NORB is a 3D object image recognition dataset. This database is used for experiments on 3D object re-localization from shape. Images were captured for 50 toy models across 5 major categories (four-legged animals, human figures, airplanes, trucks, cars) from different viewpoints. Two cameras were used, with 6 different lighting conditions, 9 elevation angles (30 to 70 degrees in 5-degree increments) and 18 azimuth angles (0 to 340 degrees in 20-degree increments). The training set includes 5 instances per category, while the remaining 5 instances form the test set. The datasets are provided as gzip-compressed files for download. After decompression, they use a simple binary matrix format with the file suffix ".mat". The file format is described in detail in the following sections.

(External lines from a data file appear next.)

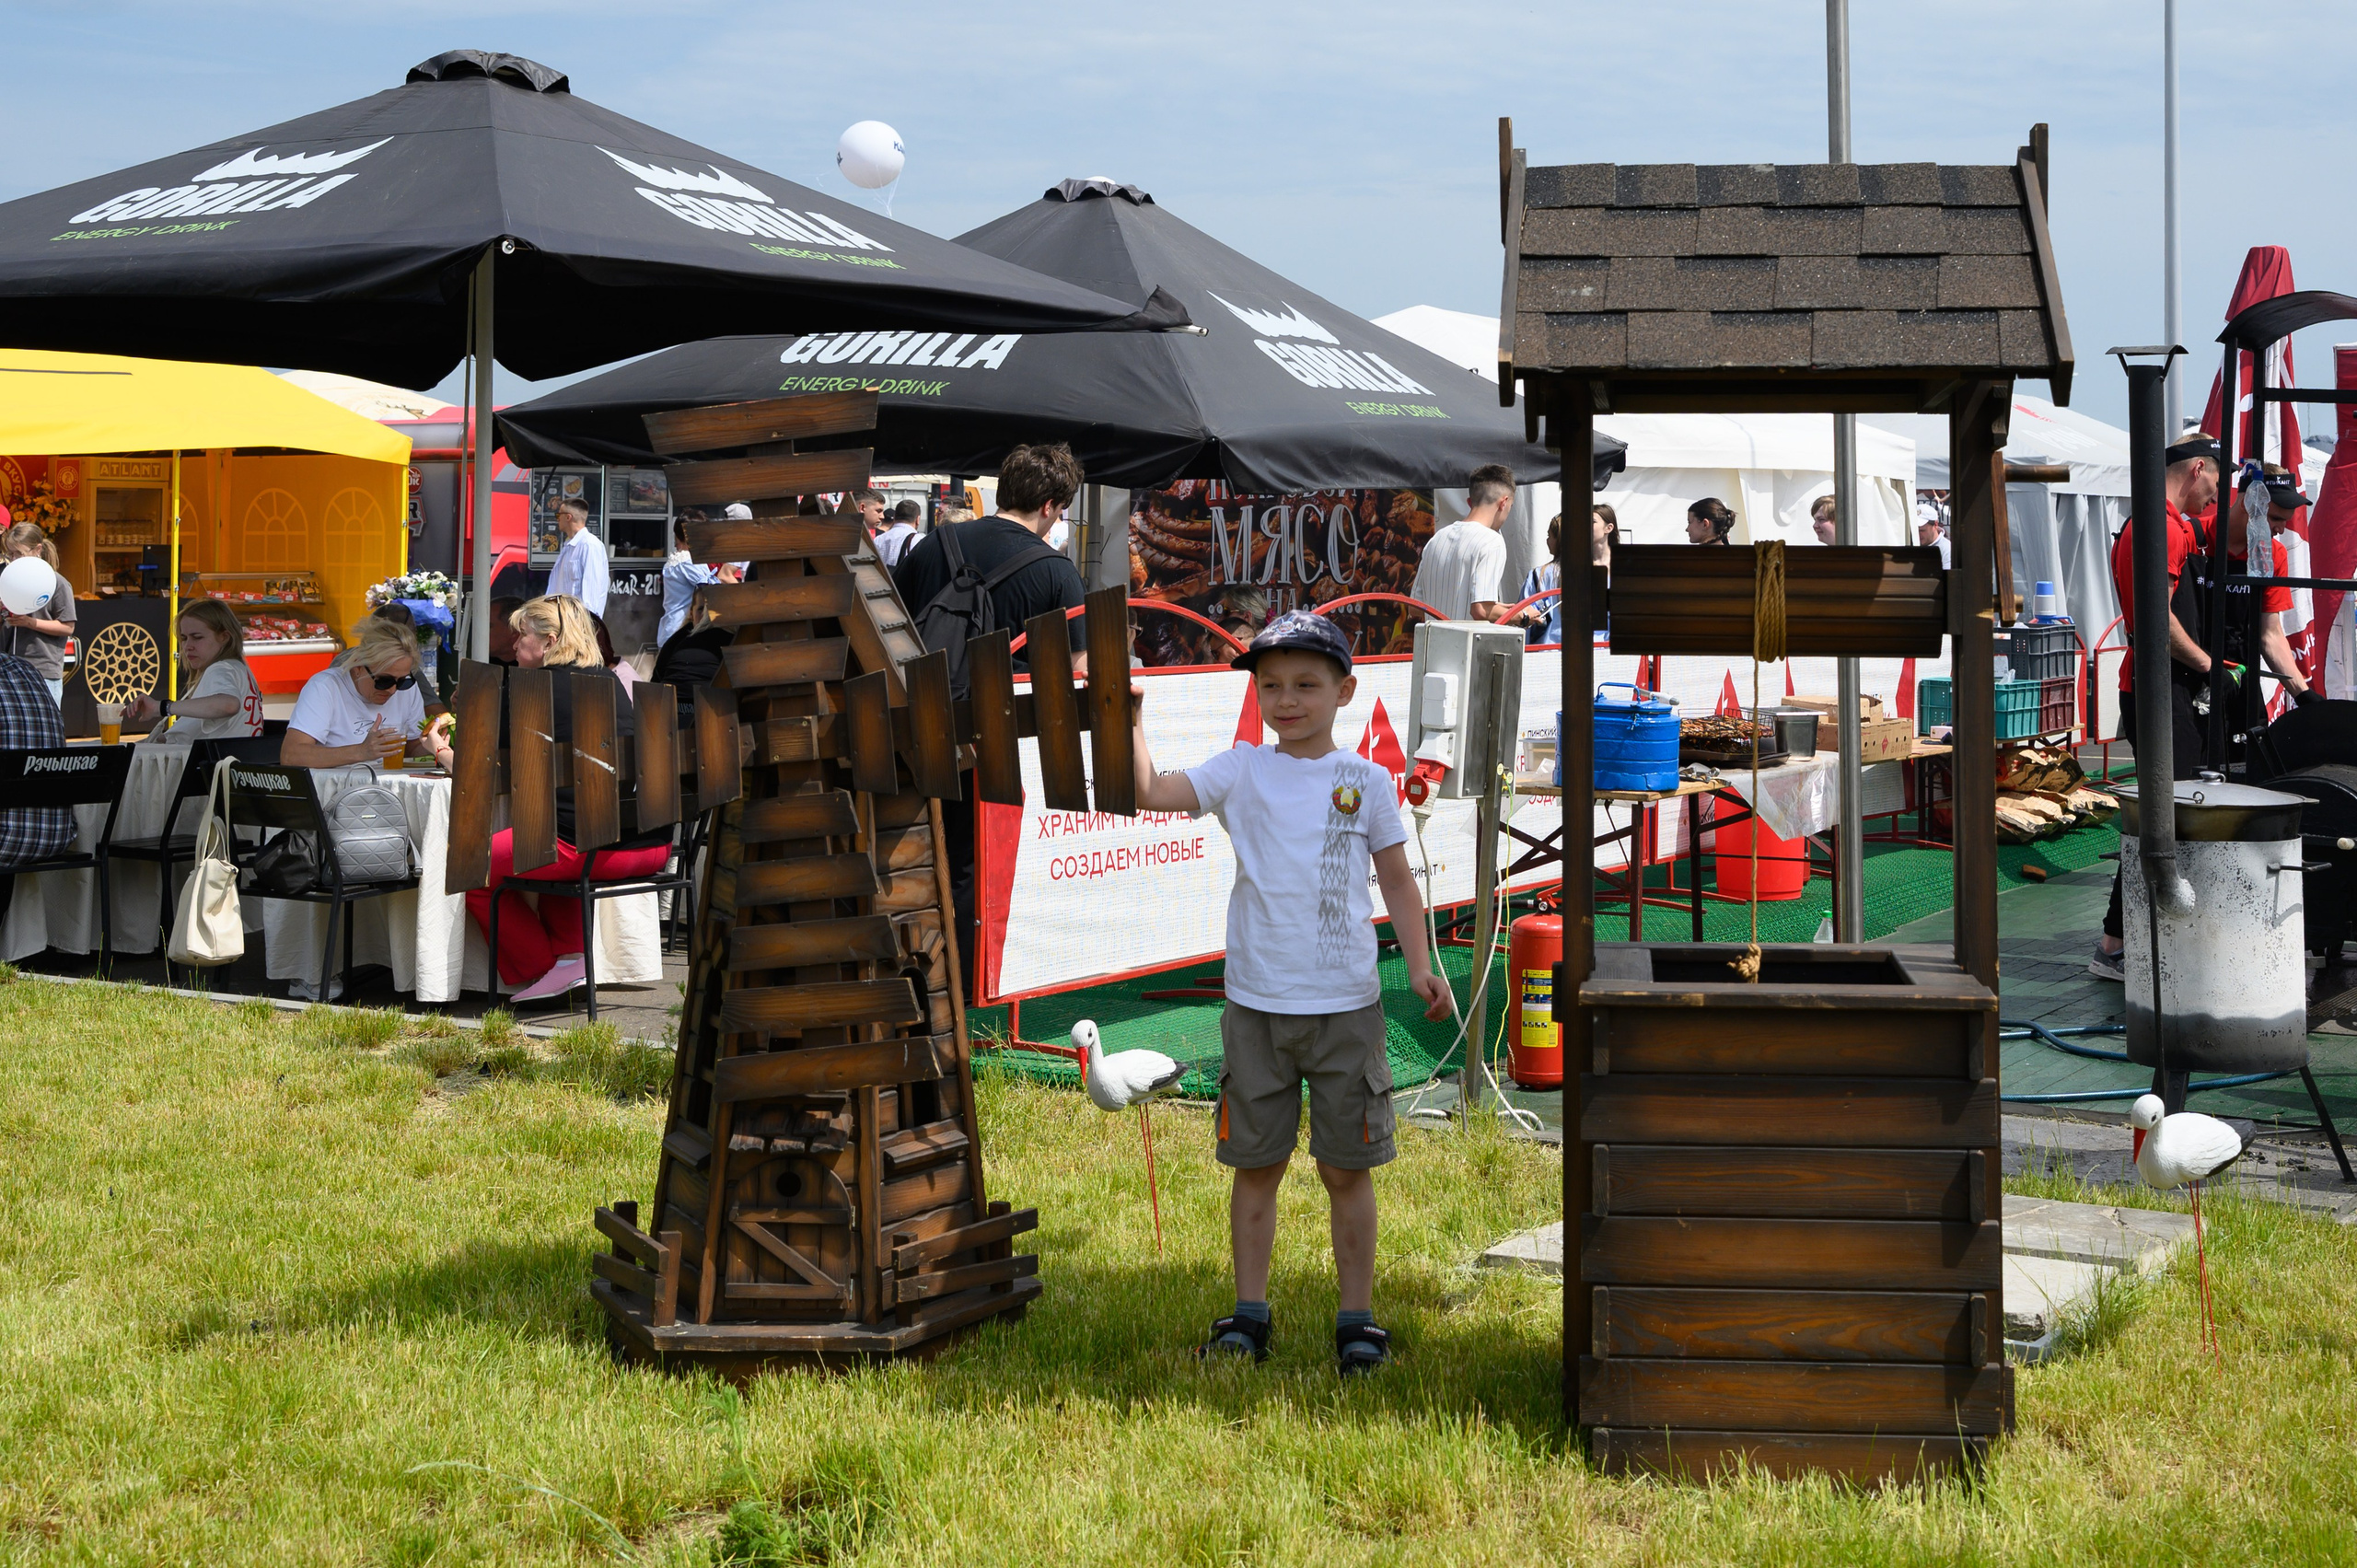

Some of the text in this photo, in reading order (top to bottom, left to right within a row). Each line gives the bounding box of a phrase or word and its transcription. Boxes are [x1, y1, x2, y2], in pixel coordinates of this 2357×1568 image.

[68, 172, 359, 224] GORILLA
[50, 220, 241, 241] ENERGY DRINK
[634, 187, 896, 252] GORILLA
[749, 242, 907, 269] ENERGY DRINK
[780, 331, 1023, 370] GORILLA
[1253, 339, 1436, 396] GORILLA
[779, 376, 951, 396] ENERGY DRINK
[1345, 401, 1452, 419] ENERGY DRINK
[3, 461, 23, 493] ВКУС
[99, 461, 162, 478] ATLANT
[1208, 504, 1361, 586] МЯСО
[608, 574, 640, 597] AKAR
[1527, 726, 1557, 738] ПИНСКИЙ
[23, 755, 99, 775] Рэчыцкае
[230, 768, 292, 791] Рэчыцкае
[1038, 808, 1115, 840] ХРАНИМ
[1051, 837, 1204, 881] СОЗДАЕМ НОВЫЕ
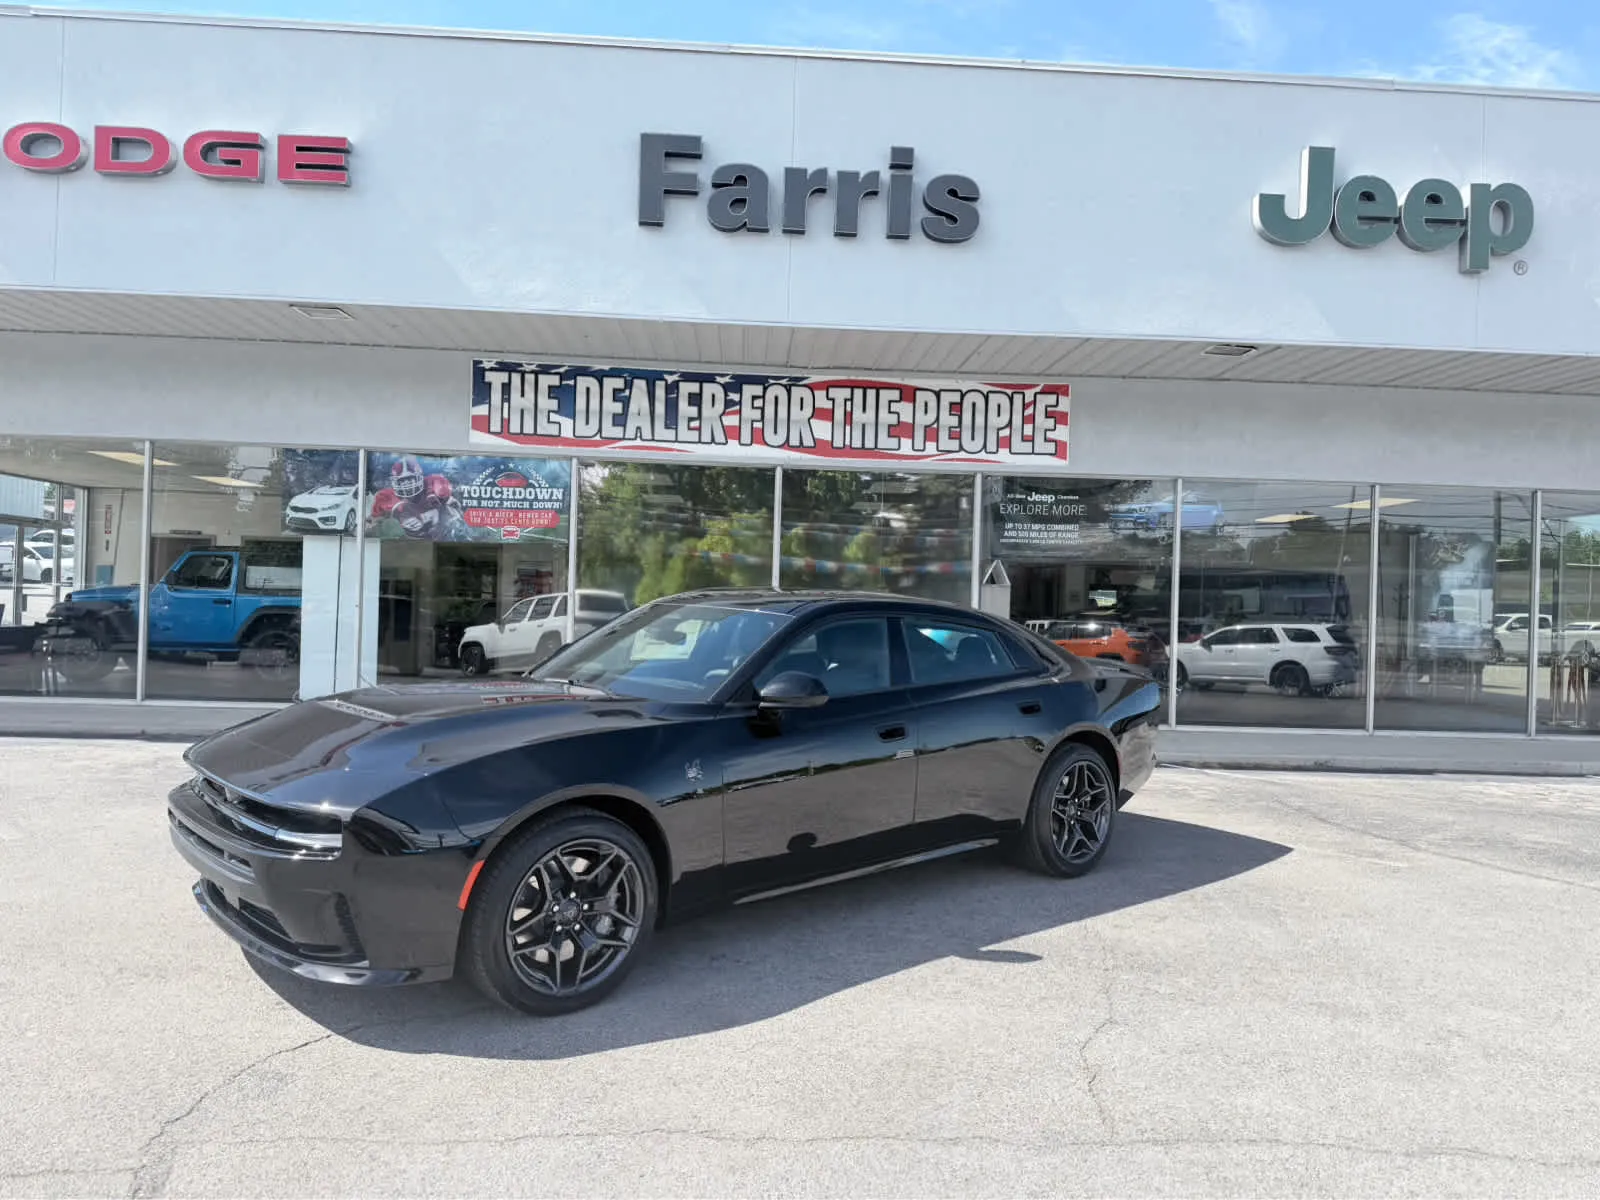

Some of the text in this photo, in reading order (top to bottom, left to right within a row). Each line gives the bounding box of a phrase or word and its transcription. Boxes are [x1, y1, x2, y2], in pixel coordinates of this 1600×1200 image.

[638, 132, 980, 243] Farris
[1252, 146, 1534, 274] Jeep
[484, 370, 1059, 455] THE DEALER FOR THE PEOPLE
[460, 485, 564, 500] TOUCHDOWN
[1027, 491, 1056, 503] Jeep
[462, 499, 563, 509] FOR NOT MUCH DOWN!
[999, 503, 1049, 515] EXPLORE
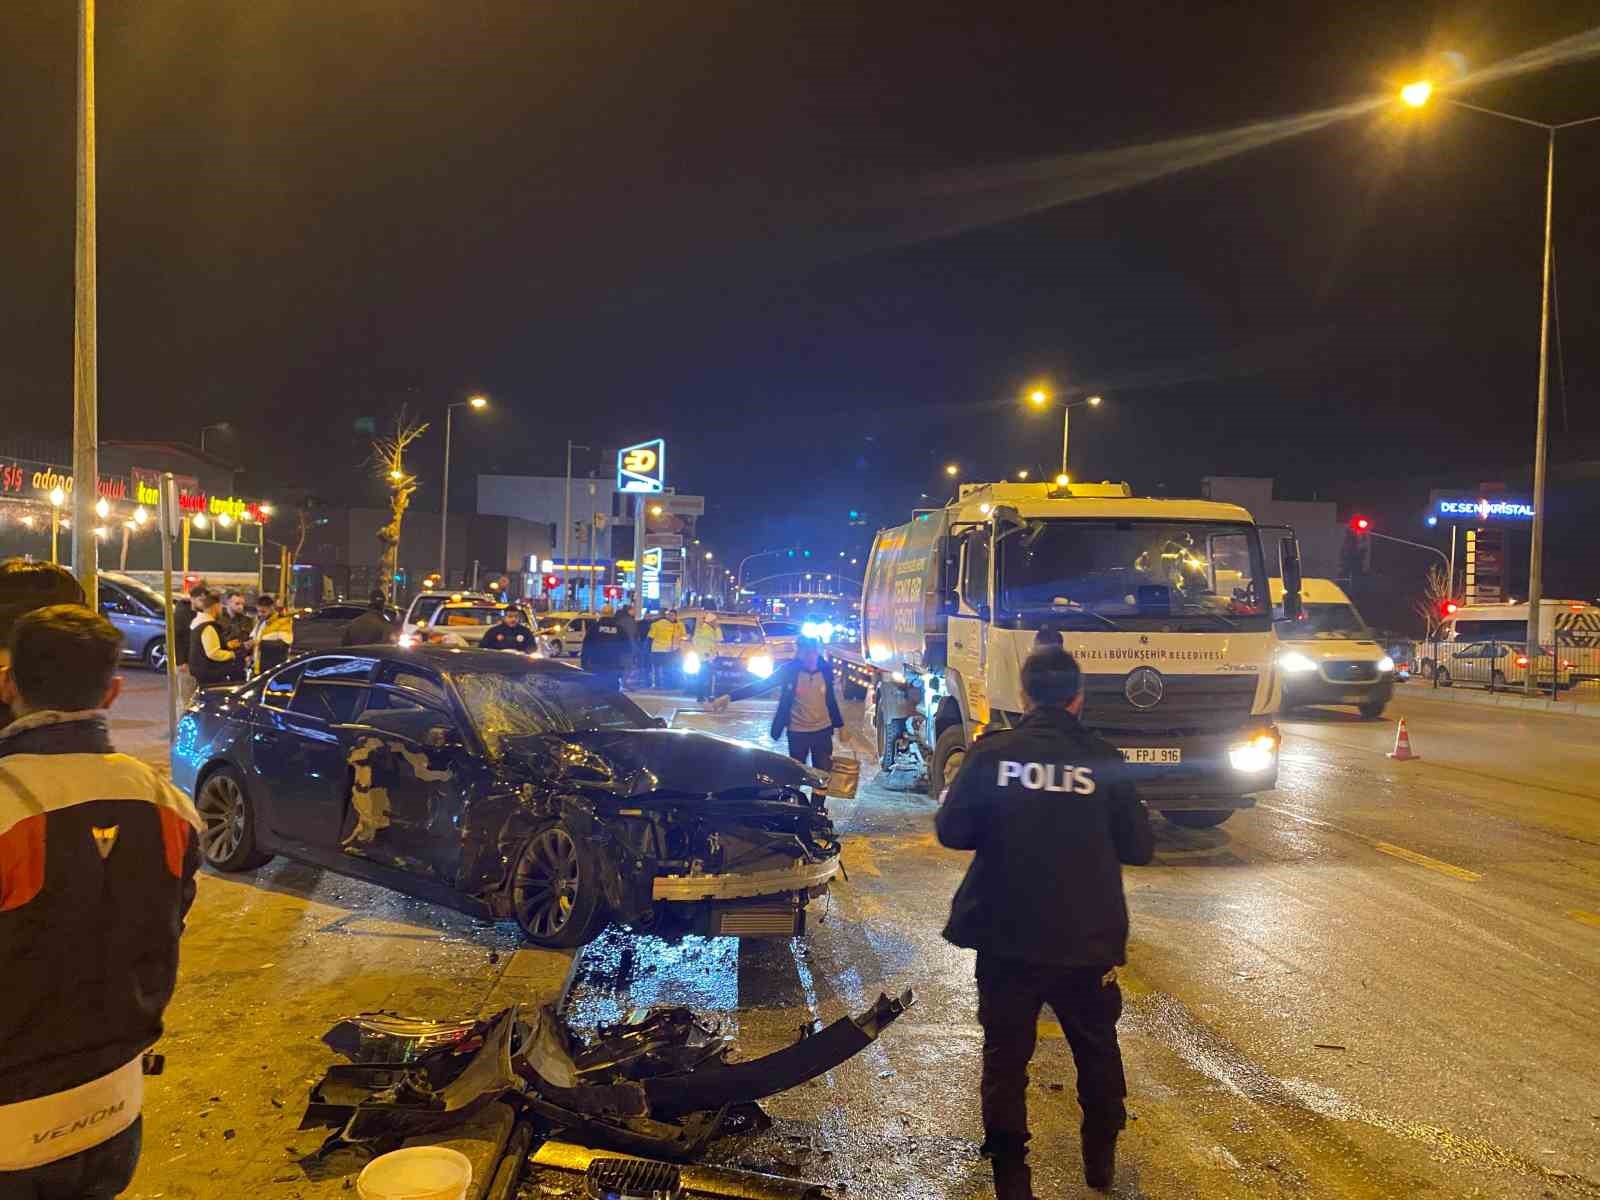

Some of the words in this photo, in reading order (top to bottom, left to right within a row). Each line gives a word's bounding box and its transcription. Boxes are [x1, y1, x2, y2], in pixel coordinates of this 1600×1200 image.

The "-dat" files store image sequences. The "-cat" files store the corresponding image category labels. Each "-dat" file contains 29,160 image pairs (6 categories, 5 instances, 6 lighting conditions, 9 elevations and 18 azimuths). The 6th category corresponds to images without any objects, which can be used to train systems to reject non-object images instead of the 5 object categories. Each corresponding "-cat" file contains 29,160 category labels (0 for animal, 1 for human, 2 for airplane, 3 for truck, 4 for car, 5 for background/empty).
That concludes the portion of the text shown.